Il complicato settore dello streaming indiano
È ambitissimo per il suo enorme bacino di abbonati, ma le grandi aziende internazionali faticano a trovare la formula giusta
Nel febbraio del 2018 Reed Hastings, amministratore delegato di Netflix, disse che la sua azienda, presente in India dal 2016, avrebbe accumulato nel paese 100 milioni di abbonati. A più di due anni da quella dichiarazione, gli abbonati indiani a Netflix sono, stando a diverse stime, soltanto cinque milioni. L’India è quindi uno dei pochi paesi in cui nonostante importanti investimenti Netflix sta faticando di più, non essendo ancora riuscita a replicare la formula con cui ha avuto successo in giro per il mondo.
Quello dell’India – che essendo il secondo paese più popoloso al mondo, e con un’economia in forte espansione, offre incredibili possibilità di crescita per i servizi di streaming – è però un problema comune a molti: pur avendo più abbonati di Netflix, anche Disney e Amazon stanno infatti faticando a capire come muoversi in un paese grande e complesso, sfaccettato e multilingue, in cui i servizi di streaming sono più di 70. E nel cui mercato di recente è entrato anche Viacom18, un nuovo grande operatore (controllato per metà da Between Reliance Industries, uno dei più grandi gruppi industriali indiani) di cui è stato scritto che «ha i mezzi e i soldi per diventare una grande e dirompente forza nel settore dei media indiani».
Come spesso succede quando si parla di streaming, il caso di Netflix è emblematico per capire la peculiarità indiana. Come aveva scritto qualche mese fa il giornalista di Bloomberg Lucas Shaw, in India Netflix provò anzitutto a replicare quanto fatto altrove, Italia compresa: «iniziare puntando su giovani benestanti che vivono nelle grandi città e che si abbonano per vedere Stranger Things o Narcos, dopodiché provare a far crescere il numero di abbonati investendo su progetti locali fatti in collaborazione con i più grandi produttori del paese, offrendo loro una libertà creativa che altrove non avrebbero».
In effetti, nell’estate 2018, qualche mese dopo le parole di Hastings, arrivò quello che è considerato il primo successo indiano di Netflix: la serie in lingua hindi Sacred Games, un thriller ambientato a Mumbai e basato su un romanzo di successo. Sacred Games piacque molto in India ma anche altrove: l’Economist ne elogiò la capacità di combinare «talento cinematografico hindi, approccio hollywoodiano e soldi della Silicon Valley» e il New York Times la inserì tra le migliori serie internazionali degli anni Dieci di questo secolo.
La seconda stagione della serie, arrivata nel 2019, si fece notare molto meno e ancora non si sa se ce ne sarà una terza.
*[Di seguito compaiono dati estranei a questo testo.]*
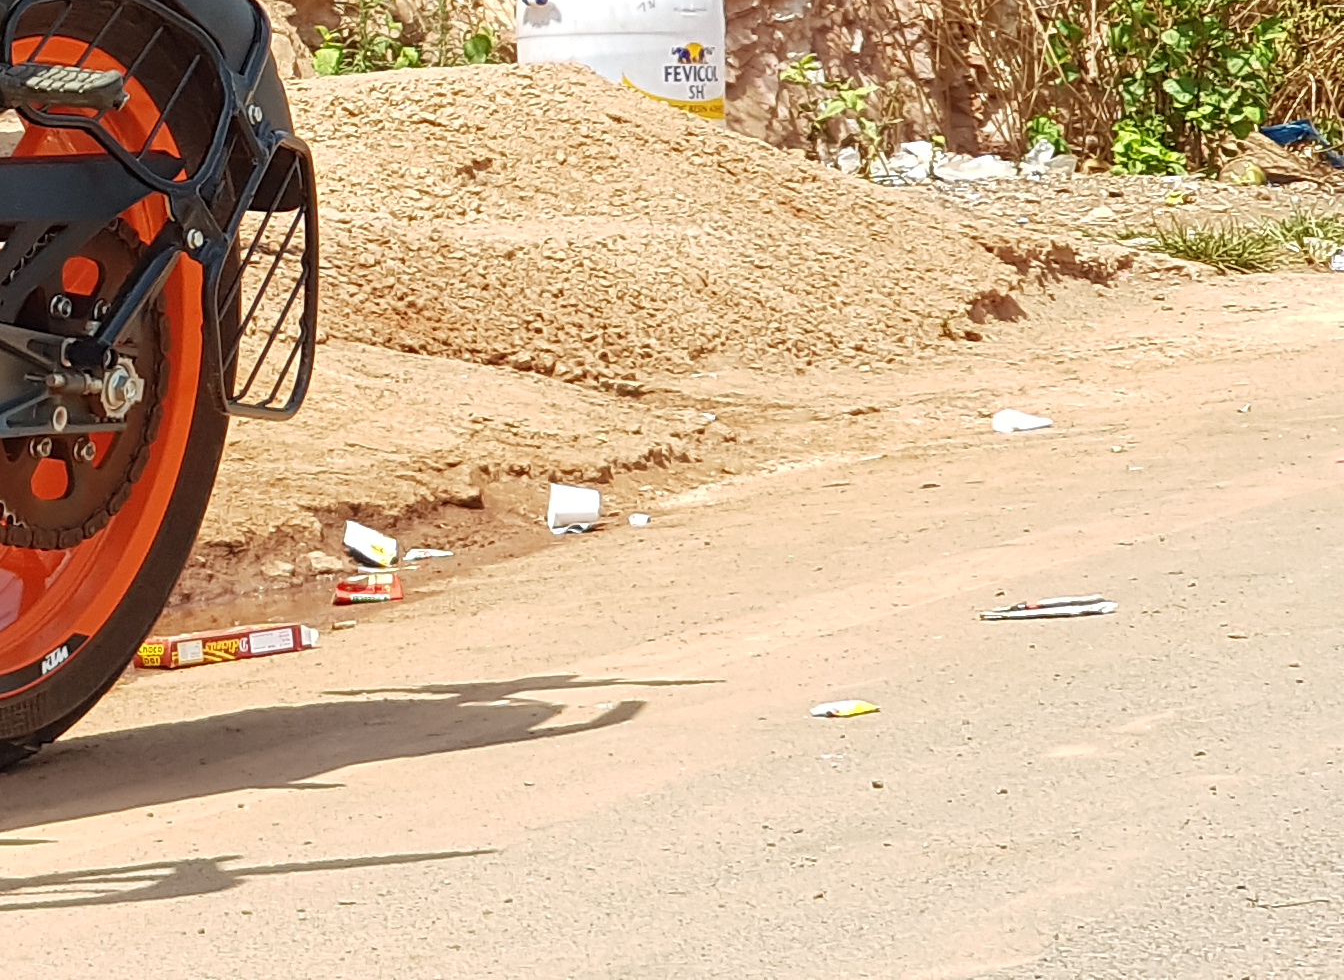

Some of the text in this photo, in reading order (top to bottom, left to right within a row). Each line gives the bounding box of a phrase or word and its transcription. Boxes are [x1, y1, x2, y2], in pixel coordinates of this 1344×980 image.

[664, 66, 718, 82] FEVICOL
[688, 85, 705, 99] SH
[41, 645, 69, 675] KTM
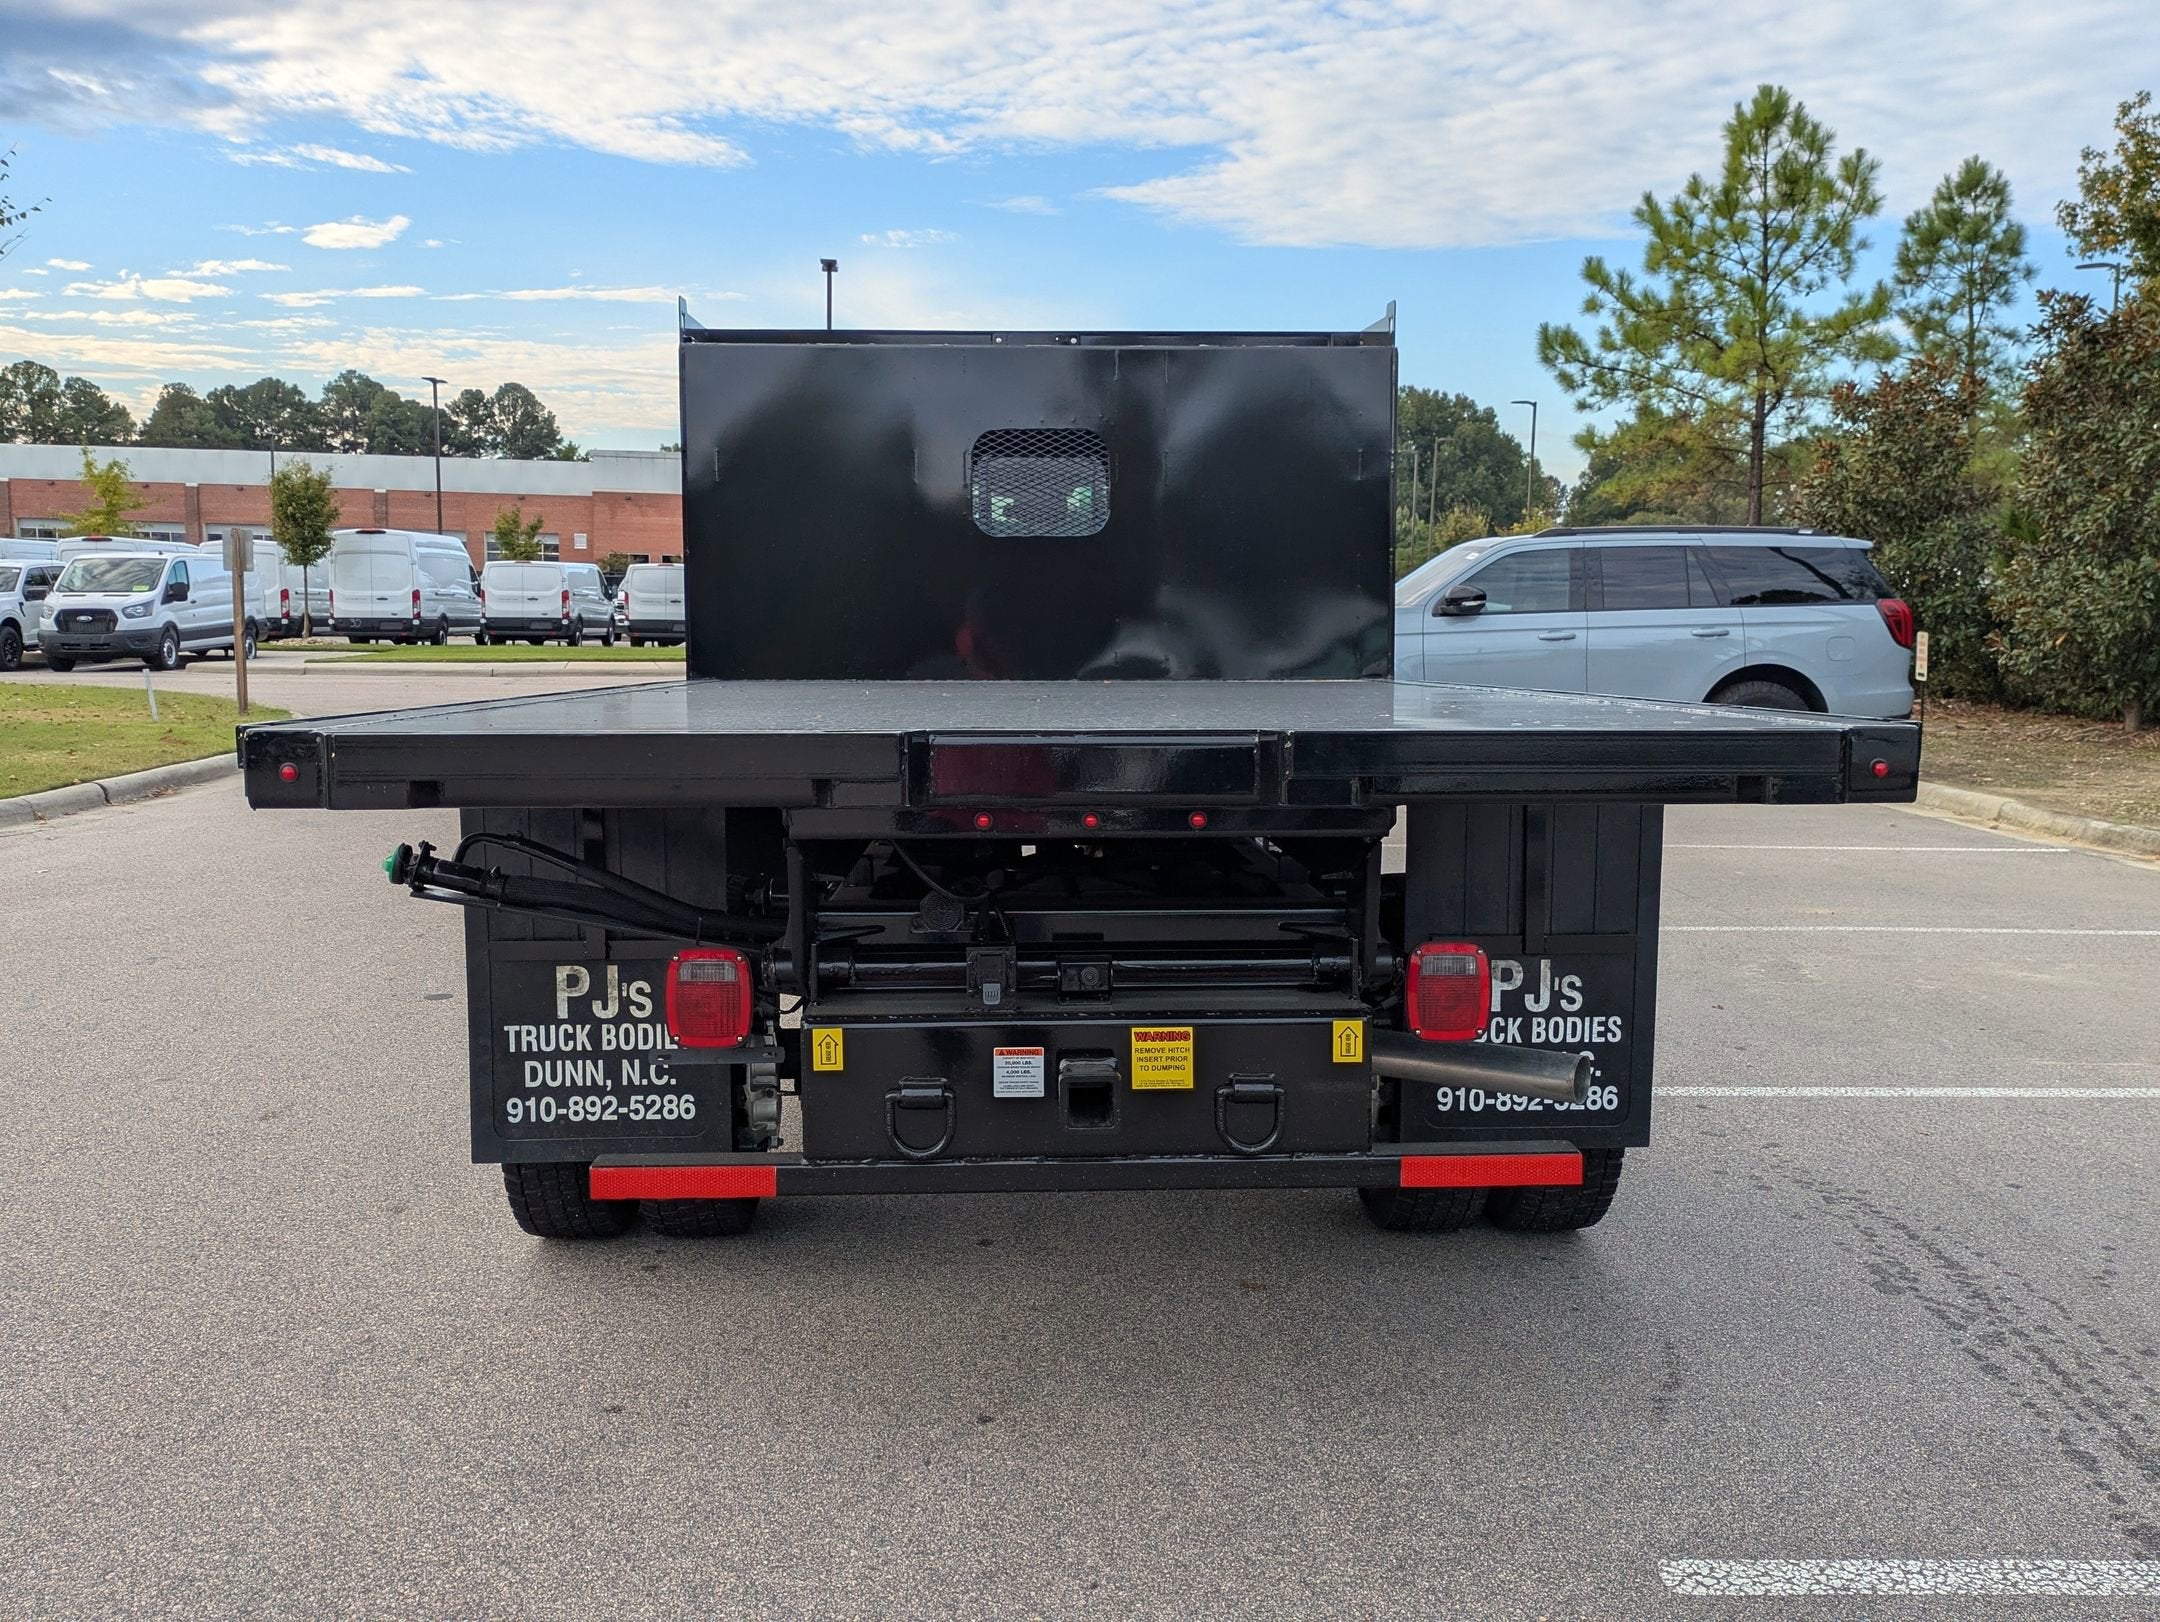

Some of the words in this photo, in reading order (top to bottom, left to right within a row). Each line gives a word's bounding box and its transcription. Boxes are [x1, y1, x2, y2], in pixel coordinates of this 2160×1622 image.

Quella che sembrava poter essere la serie che apriva la strada alla crescita di Netflix in India (e dei contenuti indiani fuori dall’India) è rimasta per ora un caso isolato, incapace di avviare una rilevante crescita di abbonati.
Prendendo per buone le stime che parlano di circa 5 milioni di abbonati a Netflix in India, si tratterebbe di meno dello 0,5 per cento degli abitanti del paese. Sempre stando a stime di questo tipo, si pensa che gli abbonati italiani a Netflix rappresentino invece circa il 5 per cento della popolazione e che addirittura uno statunitense su cinque sia abbonato.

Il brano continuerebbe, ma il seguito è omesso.